## DIRECTIONS
Copy out the data exactly as it appears, without a single image.

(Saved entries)
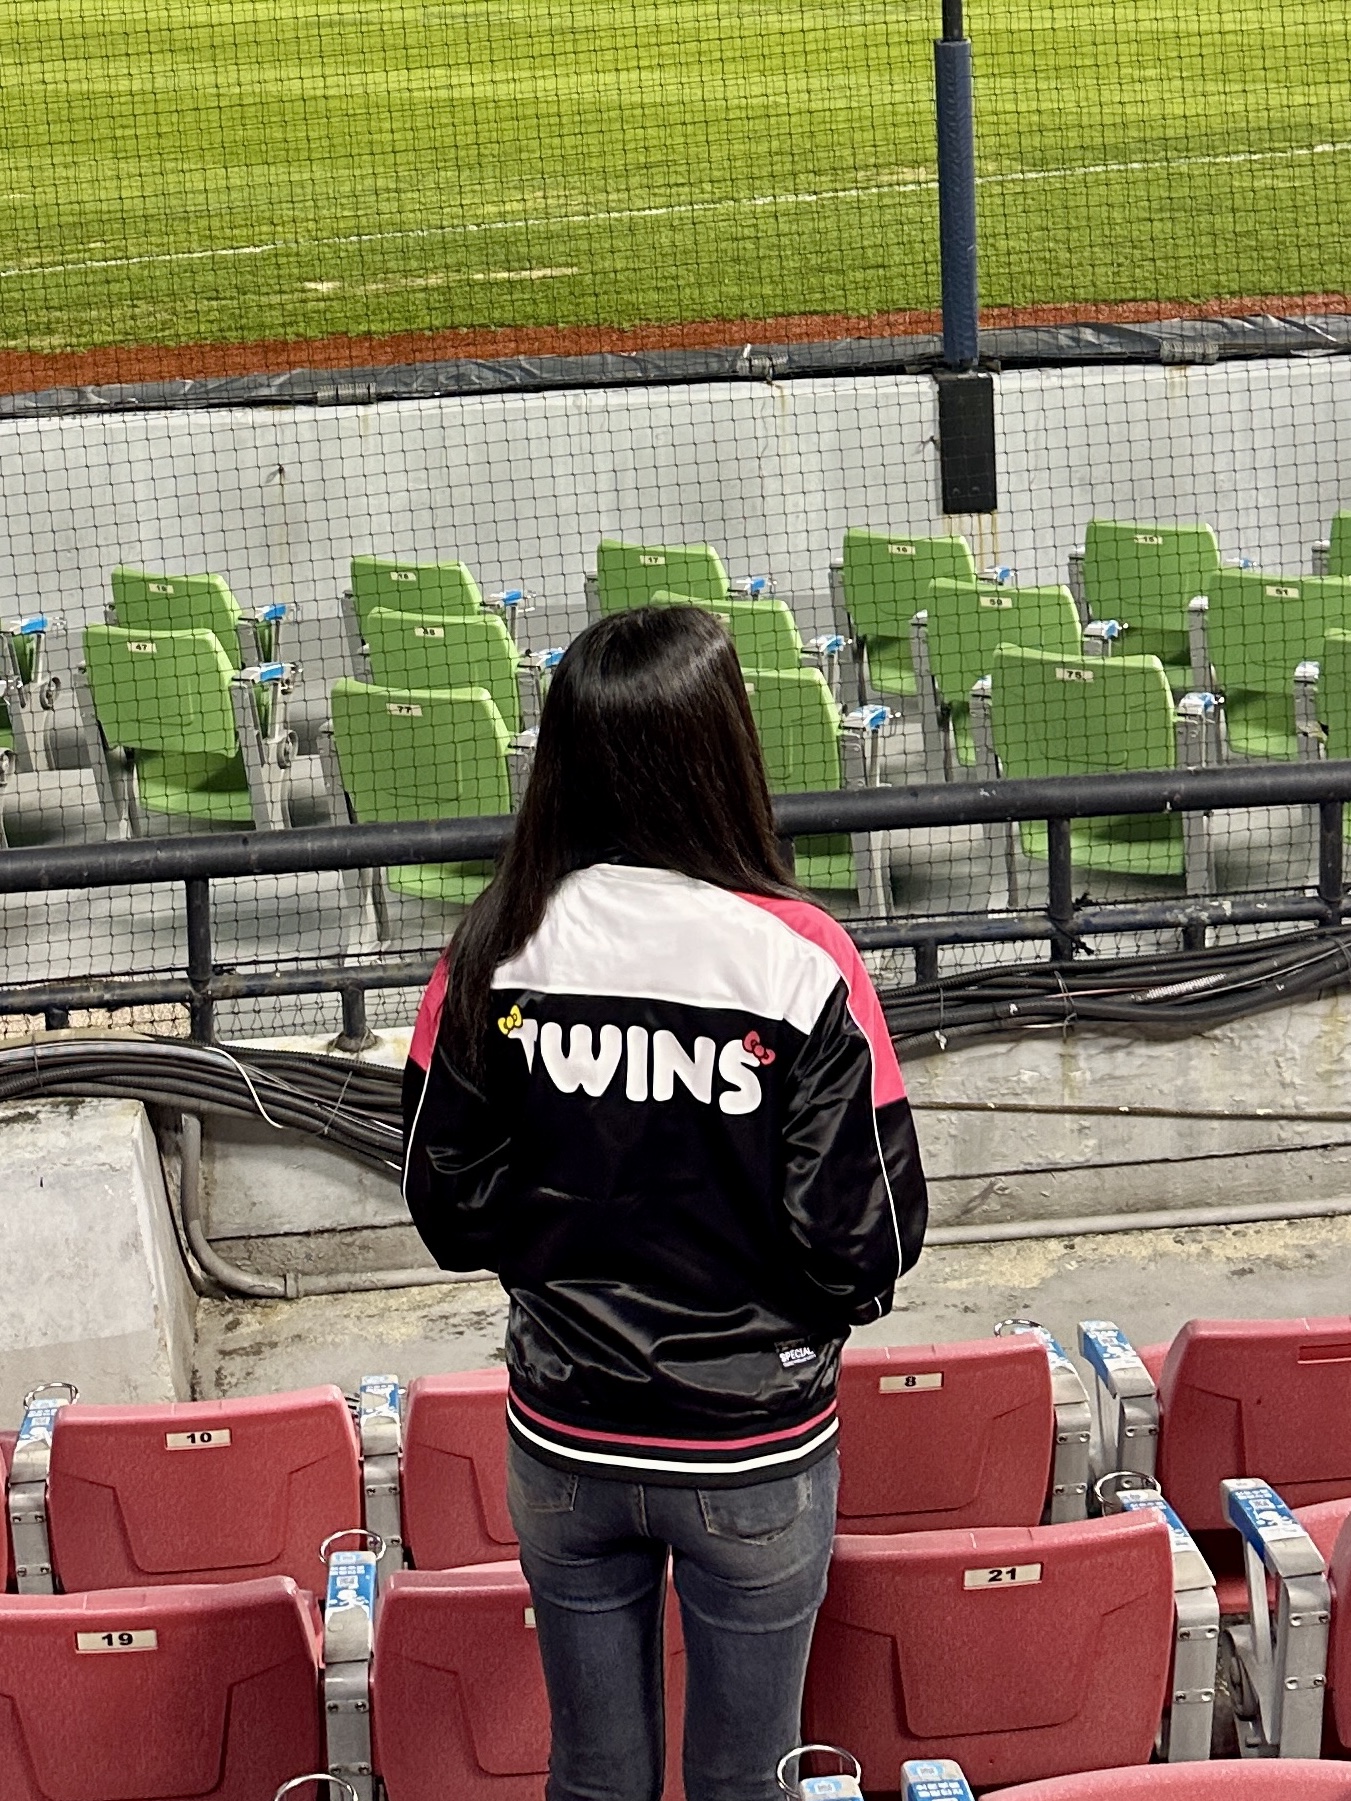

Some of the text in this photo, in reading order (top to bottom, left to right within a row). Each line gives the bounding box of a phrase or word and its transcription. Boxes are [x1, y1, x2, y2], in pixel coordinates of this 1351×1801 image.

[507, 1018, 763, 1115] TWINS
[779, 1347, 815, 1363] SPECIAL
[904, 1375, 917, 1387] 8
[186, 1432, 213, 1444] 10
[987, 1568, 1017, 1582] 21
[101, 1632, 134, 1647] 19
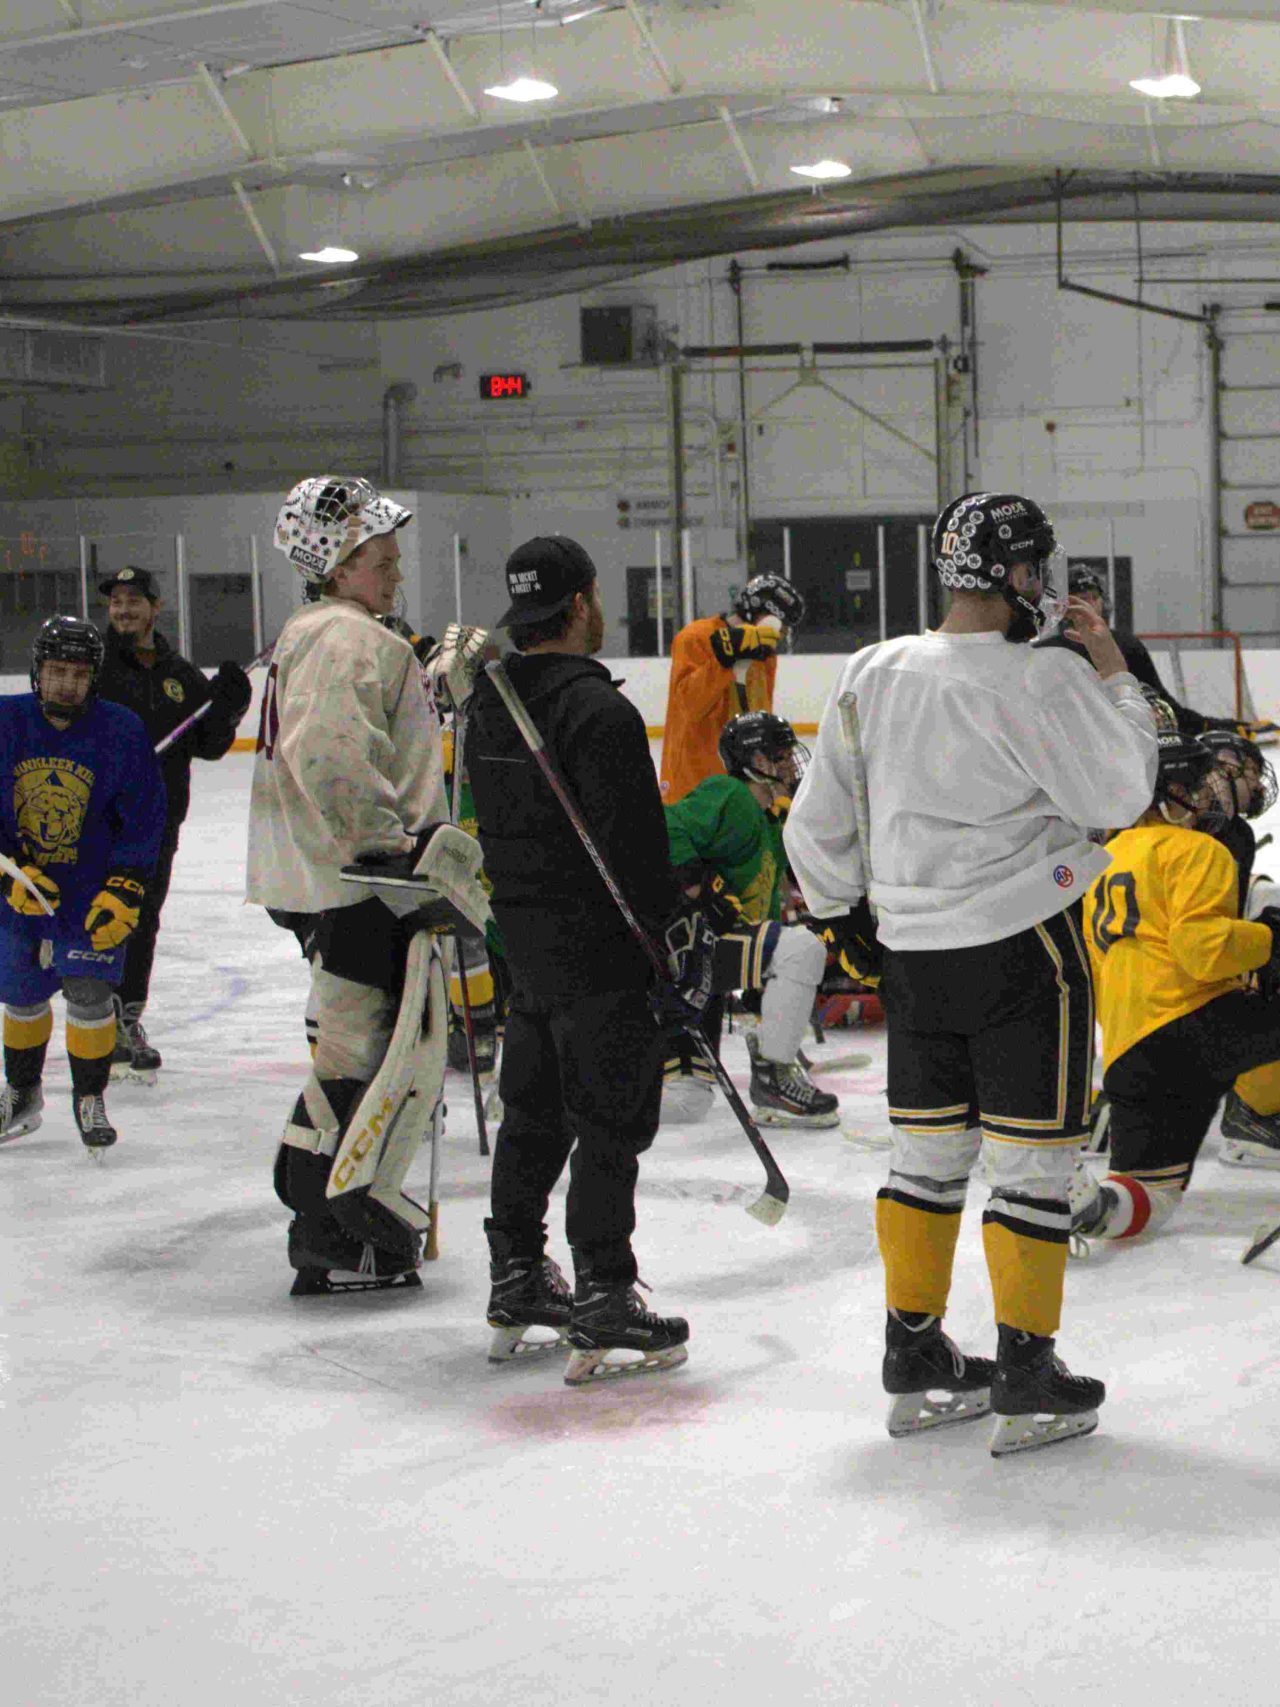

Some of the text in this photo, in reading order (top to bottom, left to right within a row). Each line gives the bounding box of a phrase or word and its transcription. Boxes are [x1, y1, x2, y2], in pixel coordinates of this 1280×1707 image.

## SOLUTION TO THE PROBLEM
Some of the text in this photo, in reading order (top to bottom, left to right within a row). Each line gives the bounding box of a phrase or word and its transcription. Boxes are [x1, y1, x2, y2], in pixel coordinates of this 1351×1801 image.

[507, 1018, 763, 1115] TWINS
[779, 1347, 815, 1363] SPECIAL
[904, 1375, 917, 1387] 8
[186, 1432, 213, 1444] 10
[987, 1568, 1017, 1582] 21
[101, 1632, 134, 1647] 19

Some of the text in this photo, in reading order (top to bottom, left to right within a row). Each line gives the bounding box of a phrase or word and its transcription. Boxes are [x1, y1, x2, y2], in pixel coordinates of this 1280×1707 image.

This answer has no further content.